Characterizing duals of cones that are linear images of the positive semidefinite cone

Question

Let $M_n$ denote the space of $n\times n$ matrices over complex numbers. The space of self-adjoint matrices is denoted $$ M_n^{sa} = \{A\in M_n\, :\, A^*=A \}, $$ where $A^*$ denotes the conjugate transpose of $A$, and the cone of positive semidefinite matrices will be denoted $$ M_n^+ = \{A\in M_n^{sa}\, :\, A\geq0\}, $$ where $A\geq0$ denotes that $A$ is positive semidefinite. The adjoint of a linear map of matrices $\phi:M_n\rightarrow M_m$ is the unique map $\phi^*:M_m\rightarrow M_n$ that satisfies $$ \mathrm{Tr}(\phi(A)B) = \mathrm{Tr}(A\phi^*(B)) $$ for all $A\in M_n$ and $B\in M_m$. The dual cone of a subset $S\subseteq M_{n}^{sa}$ is defined by $$ S^* = \{B\in M_{n}^{sa}\, : \, \forall A\in S, \, \mathrm{Tr}(AB)\geq 0\} $$ Note that $S^*$ is always a closed and convex cone.
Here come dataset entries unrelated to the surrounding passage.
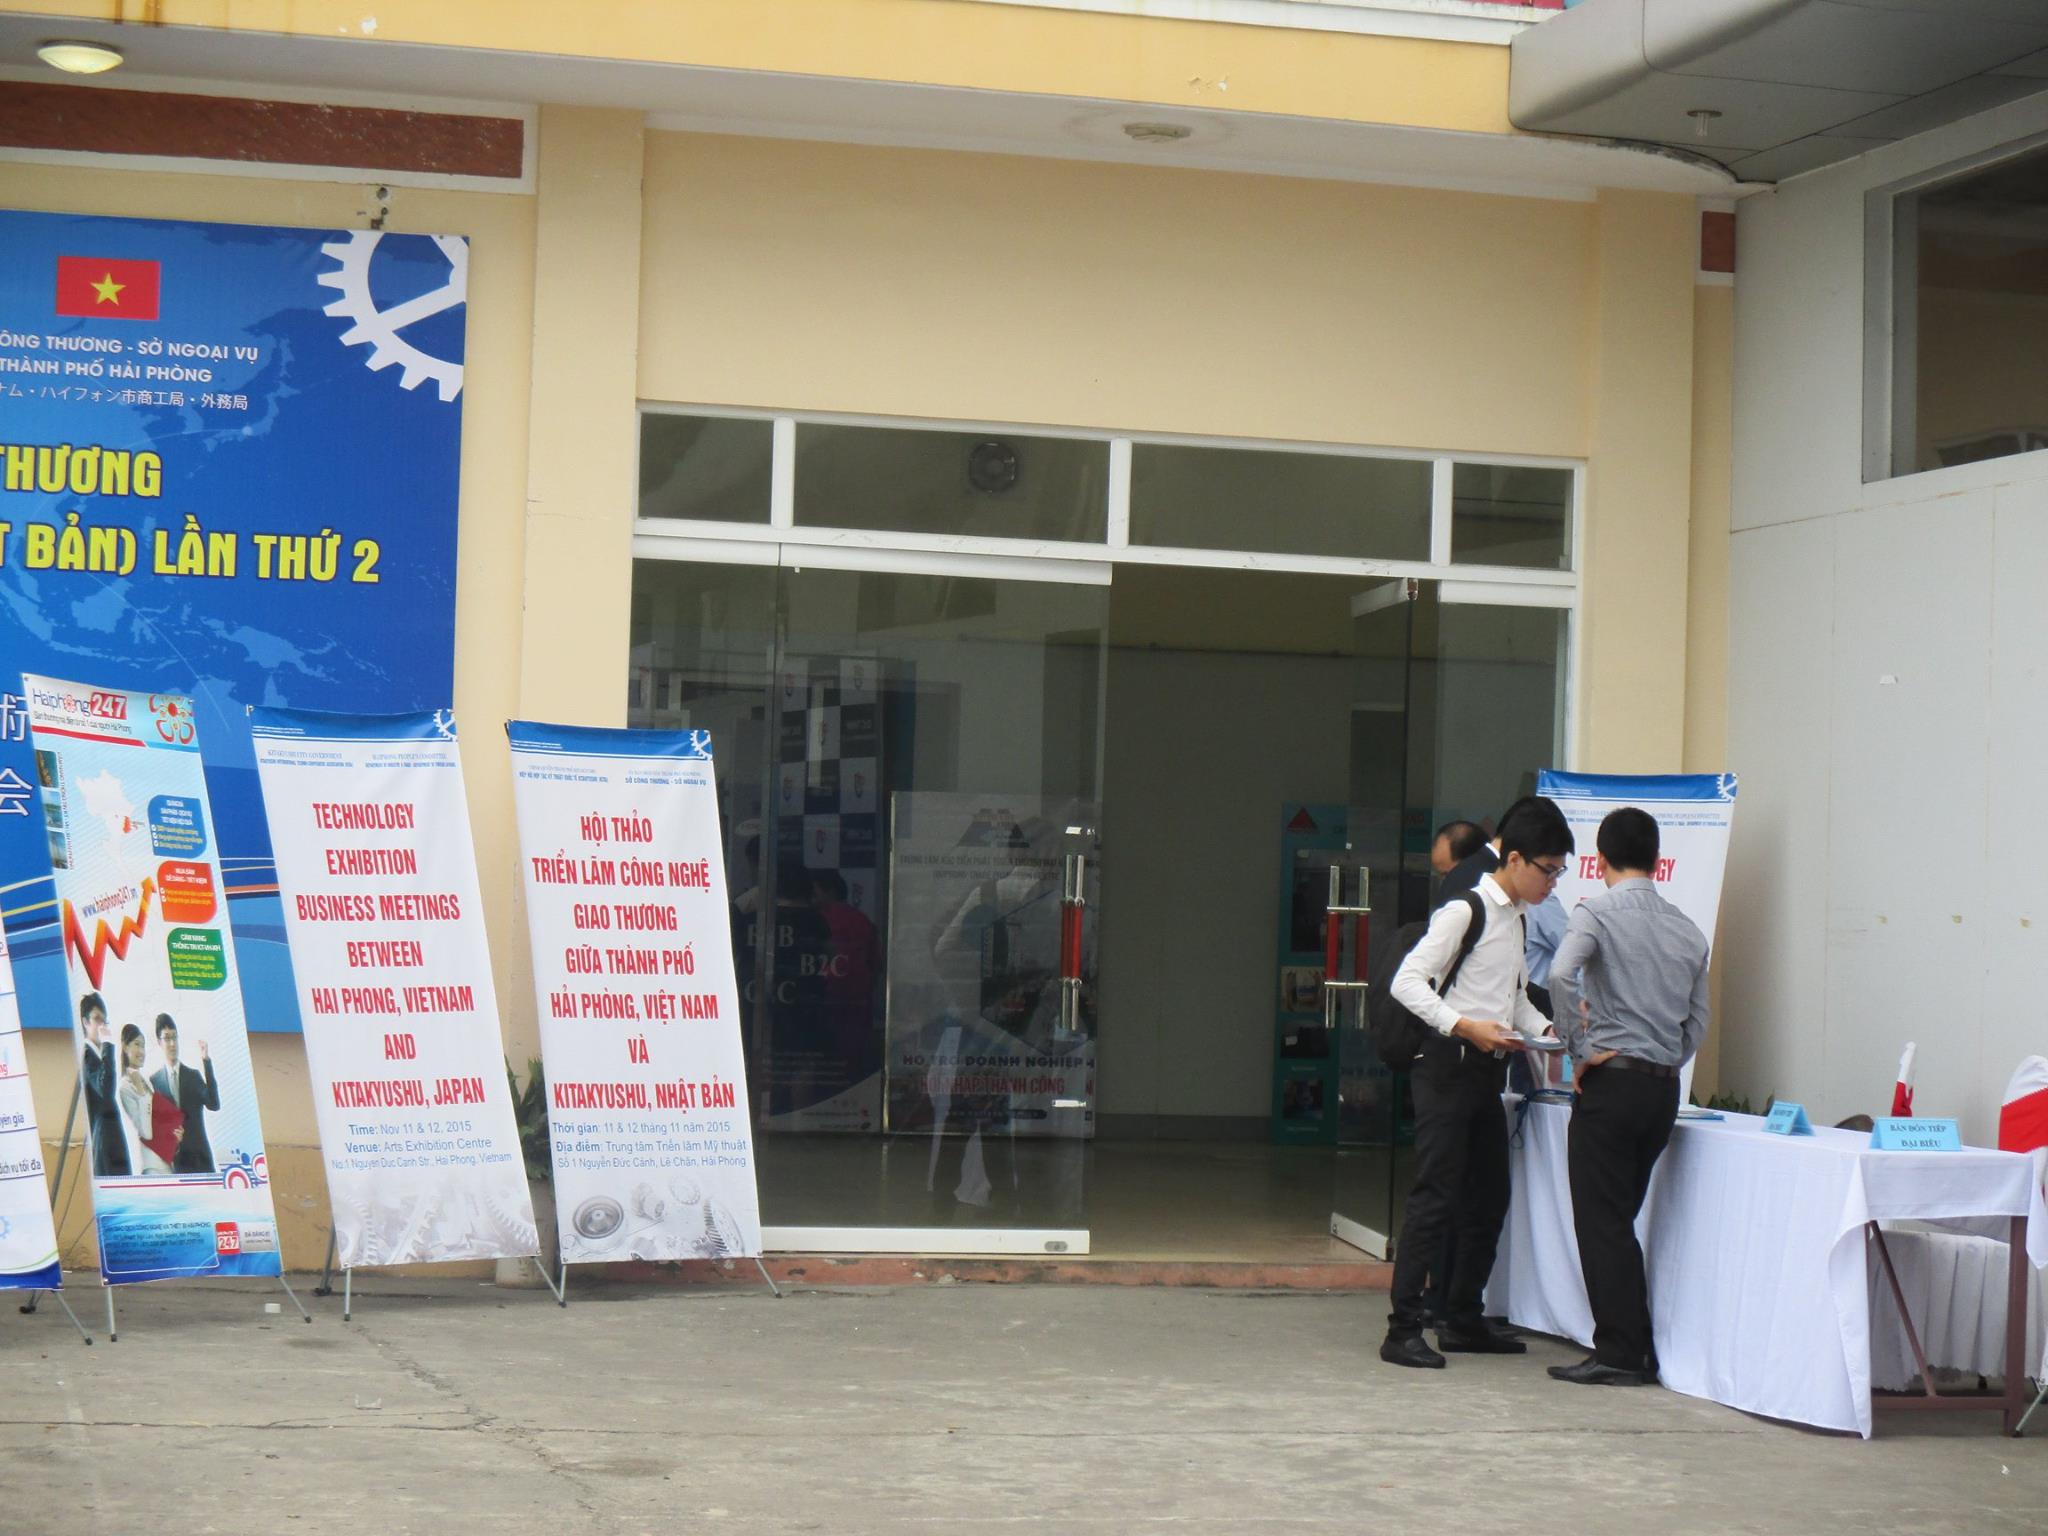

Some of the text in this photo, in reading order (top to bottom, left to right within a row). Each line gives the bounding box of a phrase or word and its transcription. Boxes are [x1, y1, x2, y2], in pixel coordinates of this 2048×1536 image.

[46, 334, 123, 354] THƯƠNG
[138, 336, 163, 355] SỞ
[168, 343, 229, 362] NGOẠI
[235, 346, 259, 364] VỤ
[65, 358, 104, 377] PHỐ
[109, 362, 140, 379] HẢI
[146, 366, 213, 383] PHÒNG
[0, 444, 162, 498] HƯƠNG
[26, 512, 137, 576] BẢN)
[153, 514, 237, 577] LẦN
[253, 529, 341, 581] THỨ
[352, 540, 380, 582] 2
[92, 693, 127, 718] 247
[312, 803, 415, 829] TECHNOLOGY
[580, 809, 653, 847] HỘI THẢO
[326, 849, 417, 875] EXHIBITION
[532, 849, 711, 893] TRIỂN LÃM CÔNG NGHỆ
[296, 894, 460, 921] BUSINESS MEETINGS
[574, 903, 678, 931] GIAO THƯƠNG
[347, 941, 423, 967] BETWEEN
[565, 941, 695, 975] GIỮA THÀNH PHỐ
[800, 953, 849, 977] B2C
[312, 985, 474, 1017] HAI PHONG, VIETNAM
[550, 984, 719, 1025] HẢI PHÒNG, VIỆT NAM
[384, 1034, 416, 1060] AND
[627, 1033, 650, 1064] VÀ
[332, 1077, 485, 1109] KITAKYUSHU, JAPAN
[554, 1074, 735, 1114] KITAKYUSHU, NHẬT BẢN
[348, 1123, 378, 1136] Time:
[380, 1123, 400, 1136] Nov
[403, 1122, 413, 1134] 11
[416, 1122, 425, 1134] &
[446, 1120, 472, 1133] 2015
[604, 1122, 614, 1133] 11
[617, 1122, 625, 1133] &
[627, 1122, 639, 1133] 12
[670, 1122, 680, 1133] 11
[707, 1121, 731, 1133] 2015
[345, 1137, 492, 1154] Venue: Arts Exhibition Centre
[479, 1151, 512, 1164] Vietnam
[605, 1140, 633, 1155] Trung
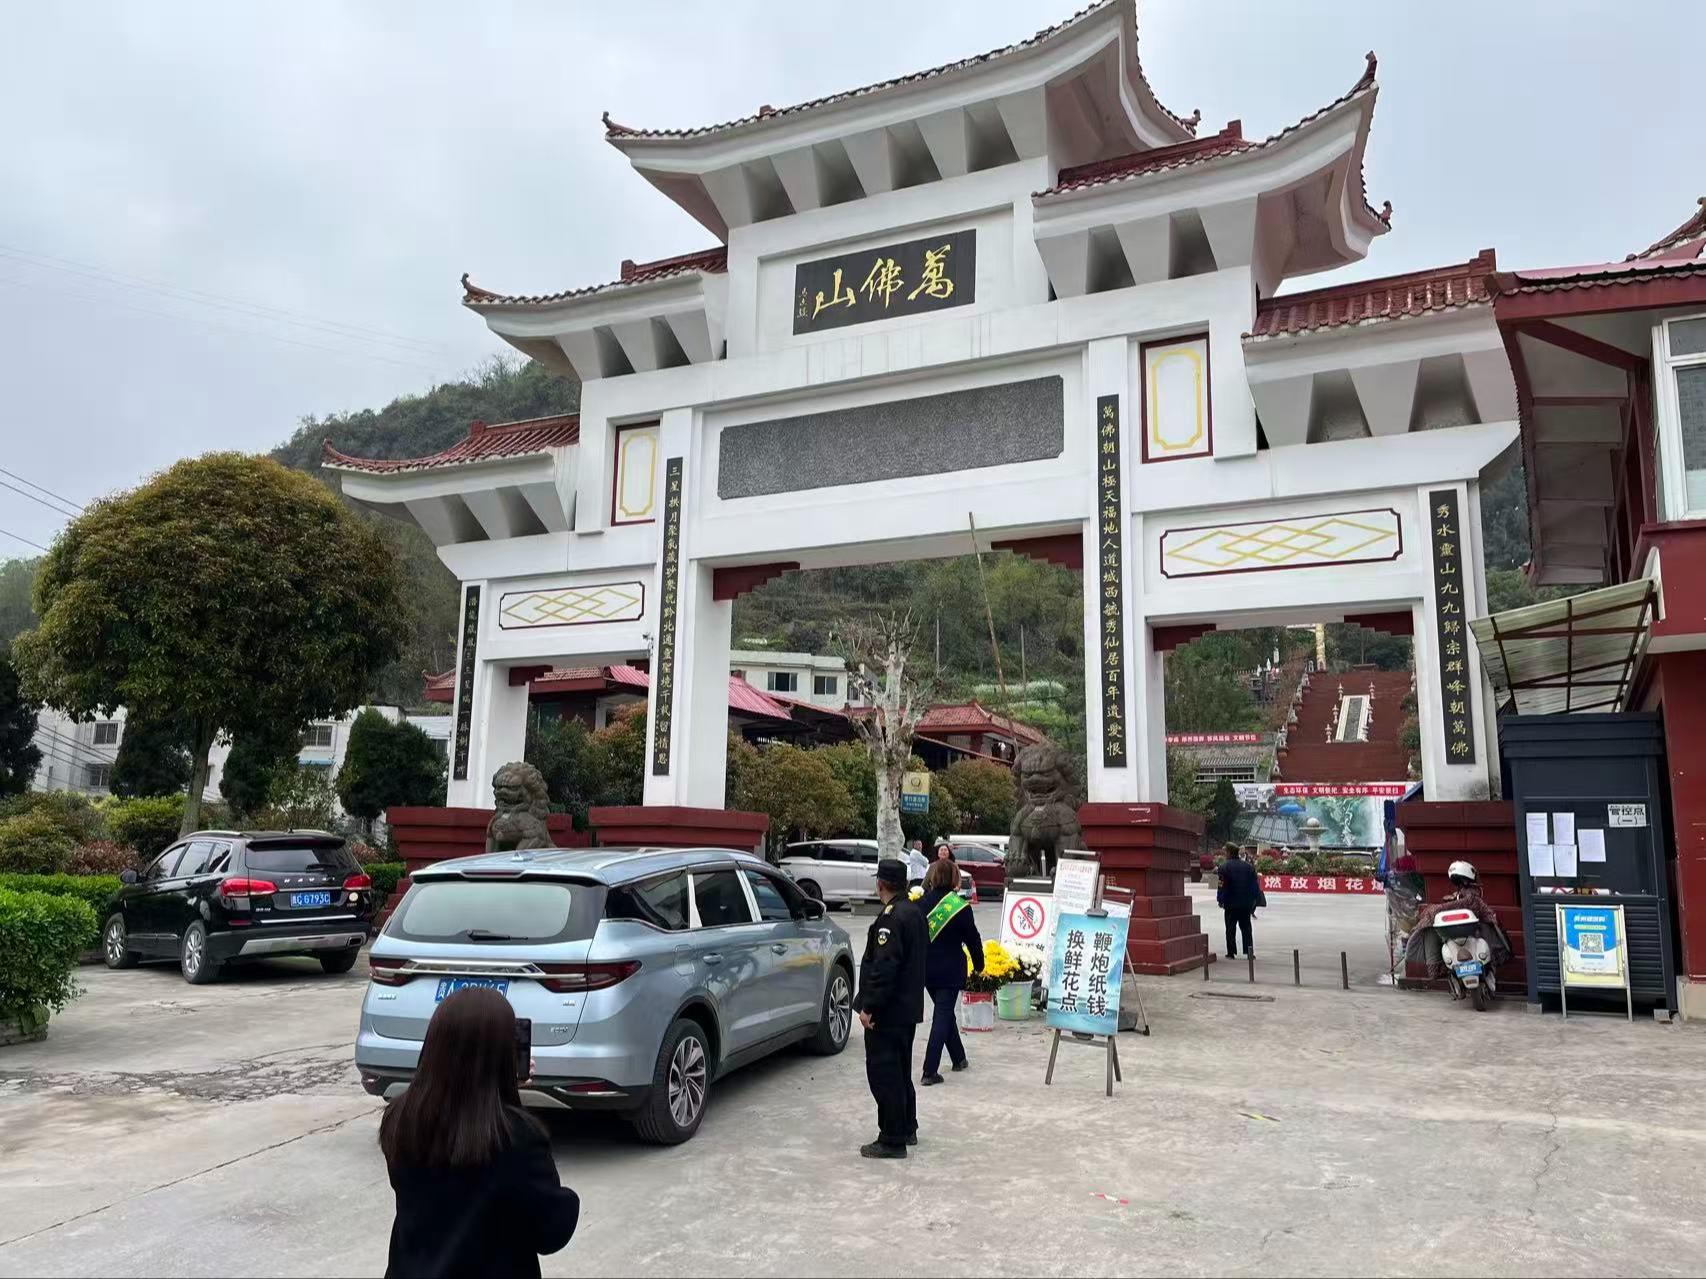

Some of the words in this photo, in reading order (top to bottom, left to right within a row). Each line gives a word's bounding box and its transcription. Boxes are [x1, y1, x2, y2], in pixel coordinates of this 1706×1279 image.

[811, 244, 954, 320] 萬佛山
[1060, 929, 1085, 1013] 换鲜花点
[1086, 931, 1113, 1017] 鞭炮纸钱
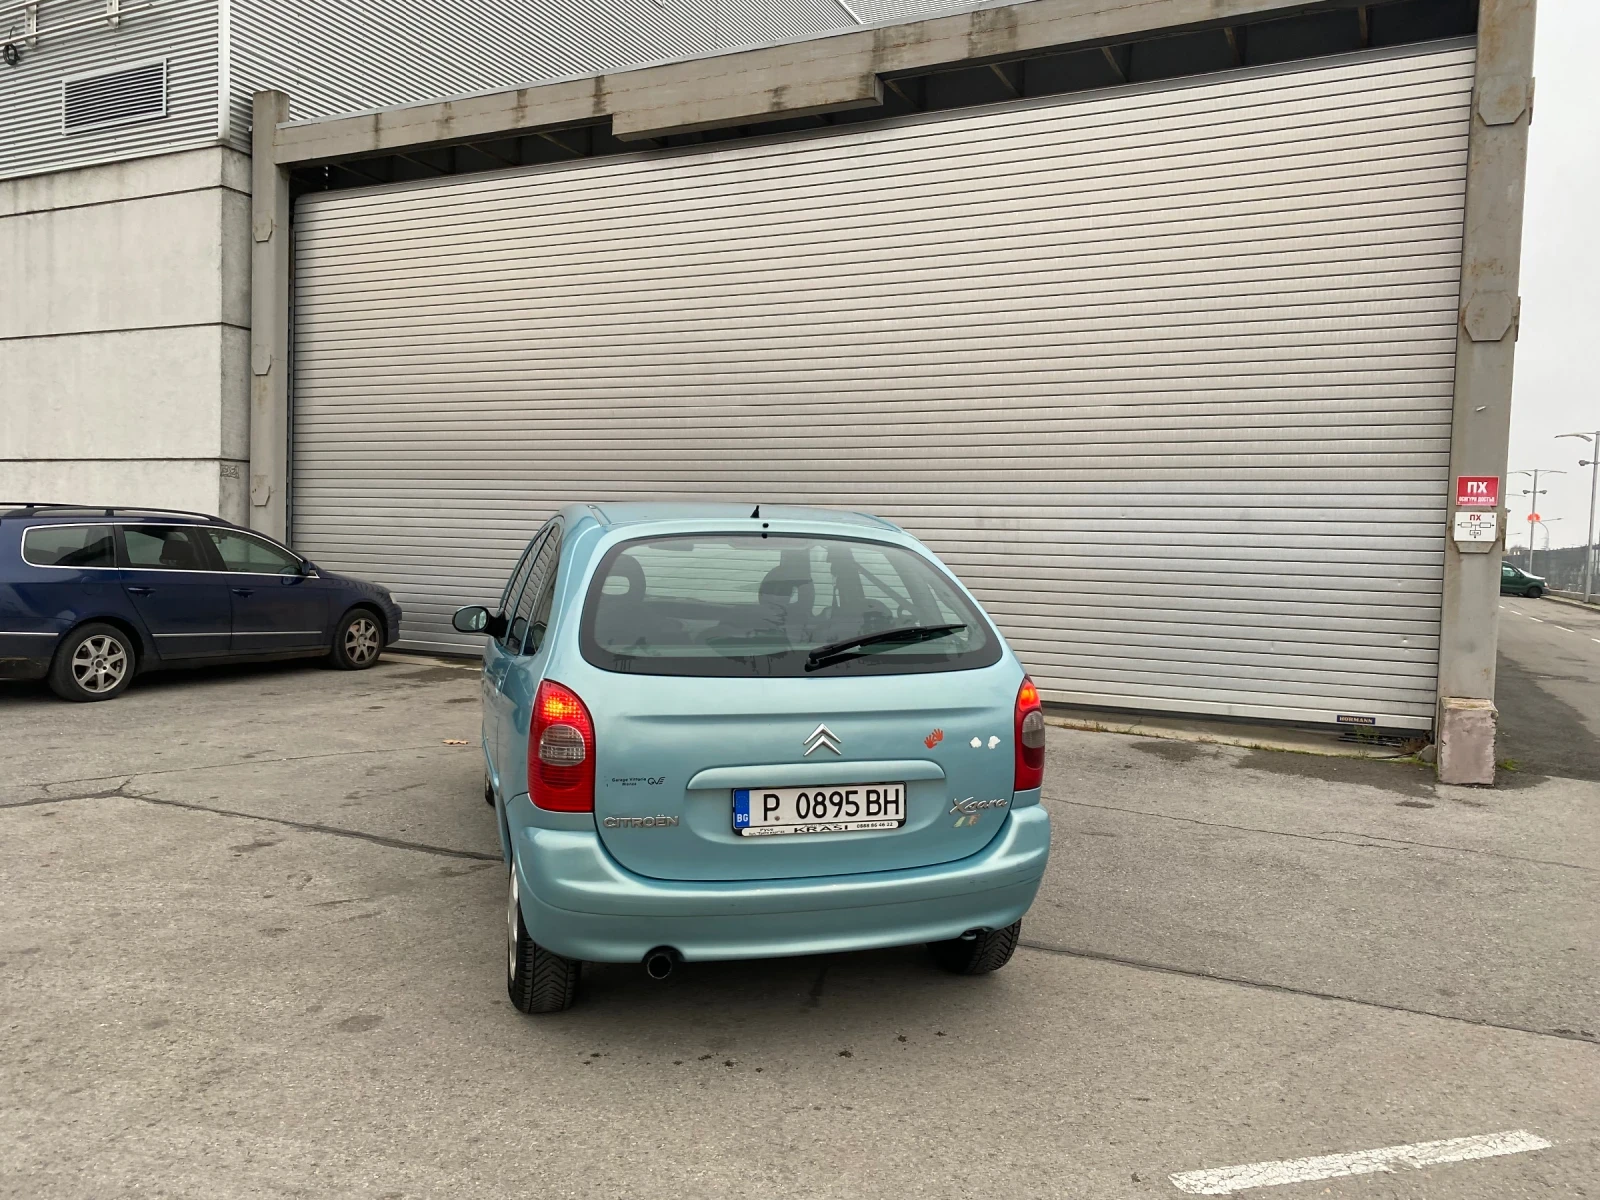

Let $\phi$ be a linear map of matrices and consider the cones of self-adjoint matrices defined by $$ K = \{A\in M_n^{sa} \, :\, \phi(A)\geq 0\} $$ and $$ L= \{\phi^*(B) \, :\, B\geq 0\}. $$ It is evident that both $K$ and $L$ are both convex cones and that $L\subseteq K^*$ and $K\subseteq L^*$.

Question: Is it necessarily the case that $K^*=L$ or $L^*=K$? If not, under what circumstances would it hold that $K^*=L$ or $L^*=K$? For the linear maps $\phi$ that I've played around with so far this seems to be the case and I'm wondering if there is a counterexample.

Answer 1

We have $K = \phi^{-1}(M_n^+)$ and $L = \phi^*(M_n^+),$ where $\phi^{-1}(S)$ is notation for $\{x : \phi(x) \in S\}$ whether $\phi$ is invertible or not. So the question is whether or not $\phi^*(M_n^+)^* = \phi^{-1}(M_n^+)$ and $\phi^{-1}(M_n^+)^* = \phi^*(M_n^+)$

It's easier to keep track of what to expect when working in more generality, so consider a linear map $\phi:V \to W$, where $V$ and $W$ are finite-dimensional inner product spaces over $\mathbb R$. If you're comfortable with dual spaces, you could work in even more generality and drop the inner product structure.

Given a subset $S \subseteq W$, it's not sensible to expect a nice relationship in general between $\phi^{-1}(S)^*$ and $\phi^*(S)$. For example, adding elements to $S$ makes one of those sets smaller but the other one larger.

But it is sensible to expect one between $\phi^{-1}(S^*)$ and $\phi^*(S)^*$. Indeed,

$$ \phi^*(S)^* = \{v \in V : \langle v, \phi^*(s)\rangle \geq 0\;\forall s\in S \} = \{v \in V : \langle \phi(v), s\rangle \geq 0\;\forall s\in S \} = \phi^{-1}(S^*). $$

In your situation, we have $V = W = M_n^{sa}$ with inner product $\langle A, B \rangle = \operatorname{Tr}(AB)$, and $S = M_n^+$. Note that ${M_n^+}^* = M_n^+$. So we have

$$L^* = \phi^*(M_n^+)^* = \phi^{-1}({M_n^+}^*) = \phi^{-1}(M_n^+) = K.$$

From this point of view, the missing ingredient is the observation that ${M_n^+}^* = M_n^+$, not just ${M_n^+}^* \supseteq M_n^+$.

It follows that $K^* = L^{**} = \bar L,$ so $K^* = L$ if and only if $L$ is closed, which isn't always the case, e.g. the counterexample in the comments.